Marx quotes Smith, to establish his starting position.
““In that early and rude state of society which precedes both the accumulation of stock and the appropriation of land, the proportion between the quantities of labour necessary for acquiring different objects, seems to be the only circumstance which can afford any rule for exchanging them for one another… It is natural that what is usually the produce of two days’ or two hours’ labour, should be worth double of what is usually the produce of one day’s or one hour’s labour” ([ibid., p. 52] t. I, ch. VI. pp. 94–95, Garnier).” (p 78)
So, it is labour-time which determines the proportions in which commodities exchange, their exchange value.
Smith continues.
““In this state of things, the whole produce of labour belongs to the labourer; and the quantity of labour commonly employed in acquiring or producing any commodity, is the only circumstance which can regulate the quantity of labour which it ought commonly to purchase, command, or exchange for” ([ibid., p. 53], [Garnier] l.c., p. 96).” (p 78)
The situation here is that the labourer does not sell their labour-power as a commodity. What they sell is only the product of their labour. The value of that product is determined by the labour-time required for its production, which is necessarily different to the value of the labour-power used in its production.

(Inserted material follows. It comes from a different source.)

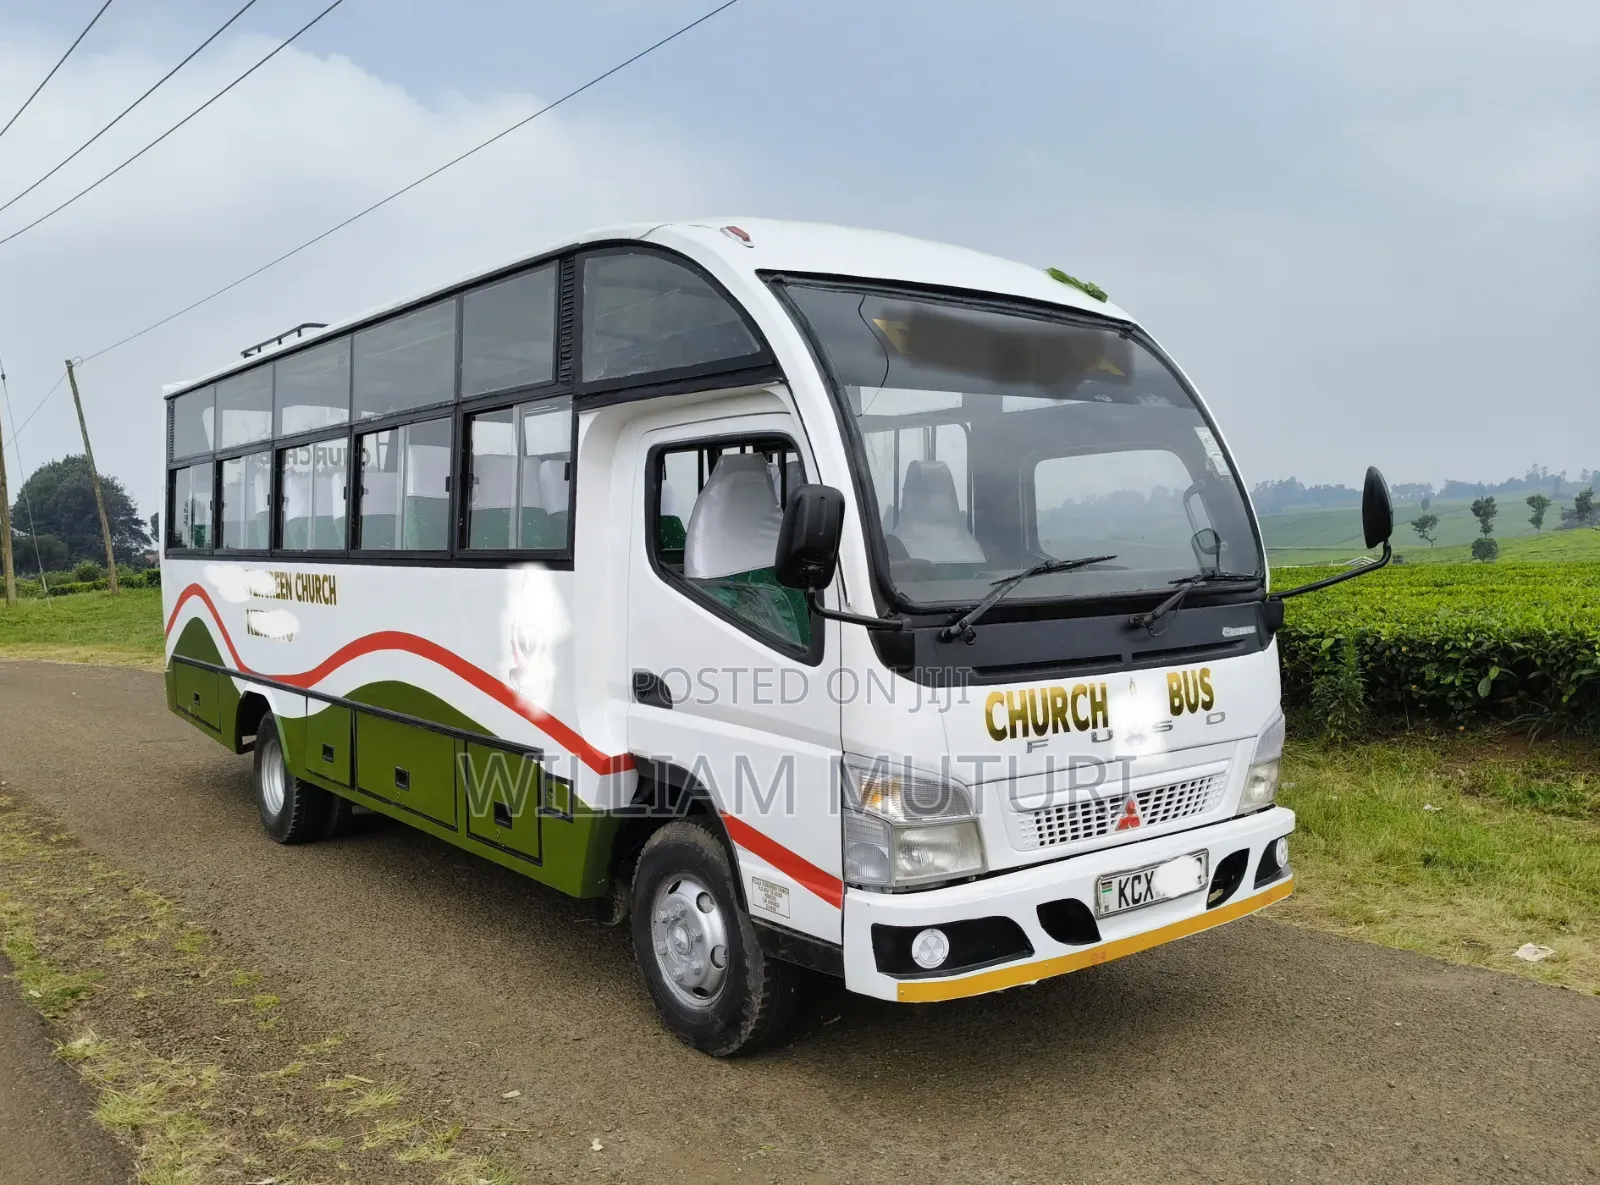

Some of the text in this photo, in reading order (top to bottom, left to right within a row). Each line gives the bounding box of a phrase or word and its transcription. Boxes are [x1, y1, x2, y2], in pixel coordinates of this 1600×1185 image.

Similarly, therefore, the amount of labour this commodity can command is different to the labour used in its production, because here, labour-power is bought as a commodity, in exchange for this commodity. The exchange value of the commodity, labour-power, is determined in the same way as the value of the commodity given in exchange for it. That is, on the basis of the labour-time required for its production. But, this quantity of labour-time is in no way the same as, or determinant of, the quantity of labour that this labour-power then performs, after it has been bought. That is a function of a series of other conditions, which determine the length and intensity of the normal working day.